Keywords: Generative art, machine voices, code, combination, collaboration

Our panel explores machinic sense and sensibility through a discussion of our joint work on generated media systems. The three of us have been collaborating in various ways for the past 15 years; We all three worked together to create the combinatorial video artwork Three Rails Live in 2013. We will discuss how we have worked together to develop simple but culturally meaningful systems that generate combinations of language, images, and sound. Rather than trying to produce systems that mimic human intelligence or pass as human, we have created systems that perform the basic functions that computers can do well: Manipulating symbols and drawing from distributions. In doing so, we have relied on each other’s human sentience to collaboratively develop voices and visions that are overtly machinic, but which work to exchange and arrange human visual and textual elements.

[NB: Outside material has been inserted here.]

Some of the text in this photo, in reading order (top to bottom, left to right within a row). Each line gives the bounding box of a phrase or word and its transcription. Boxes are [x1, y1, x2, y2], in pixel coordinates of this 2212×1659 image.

  • Roderick Coover is the creator of interactive, experimental and emergent cinema, virtual reality and digital arts that are internationally exhibited, and his publications include, among others, the books The Digital Imaginary: Literature And Cinema Of The Database and, with Thomas Bartscherer, Switching Codes: Thinking Through Digital Technology In The Humanities And Arts. He is Professor of Film and Media Arts at Temple University, Philadelphia, USA, and he lives in the USA and France. unknownterritories.org
  • Nick Montfort‘s computer-generated books include #!, the collaboration 2×6, Autopia, and The Truelist, with Golem forthcoming. Among his digital projects are the collaborations The Deletionist, Sea and Spar Between, and Renderings. He has six books out from the MIT Press, most recently The Future. A second edition of Exploratory Programming for the Arts and Humanities is forthcoming from MIT Press. Montfort is professor of digital media at MIT and lives in New York, USA. He directs a lab/studio called The Trope Tank.

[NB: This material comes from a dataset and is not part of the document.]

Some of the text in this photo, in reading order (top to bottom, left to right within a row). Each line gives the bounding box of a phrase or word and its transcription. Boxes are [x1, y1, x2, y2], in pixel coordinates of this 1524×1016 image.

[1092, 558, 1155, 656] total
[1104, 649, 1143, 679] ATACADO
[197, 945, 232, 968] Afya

  • Scott Rettberg is professor of digital culture in the department of linguistic, literary, and aesthetic studies at the University of Bergen, Norway. Rettberg is the author or coauthor of novel-length works of electronic literature, combinatory poetry, and films including The Unknown, Kind of Blue, Implementation, Frequency, The Catastrophe Trilogy, Three Rails Live, Toxi*City, Hearts and Minds: The Interrogations Project and others. His creative work has been exhibited both online and at art venues, including the Venice Biennale, Santa Monica Museum in Barcelona, the Inova Gallery, Rom 8, the Chemical Heritage Foundation Museum, Palazzo dell Arti Napoli, Beall Center, the Slought Foundation, The Krannert Art Museum, and elsewhere.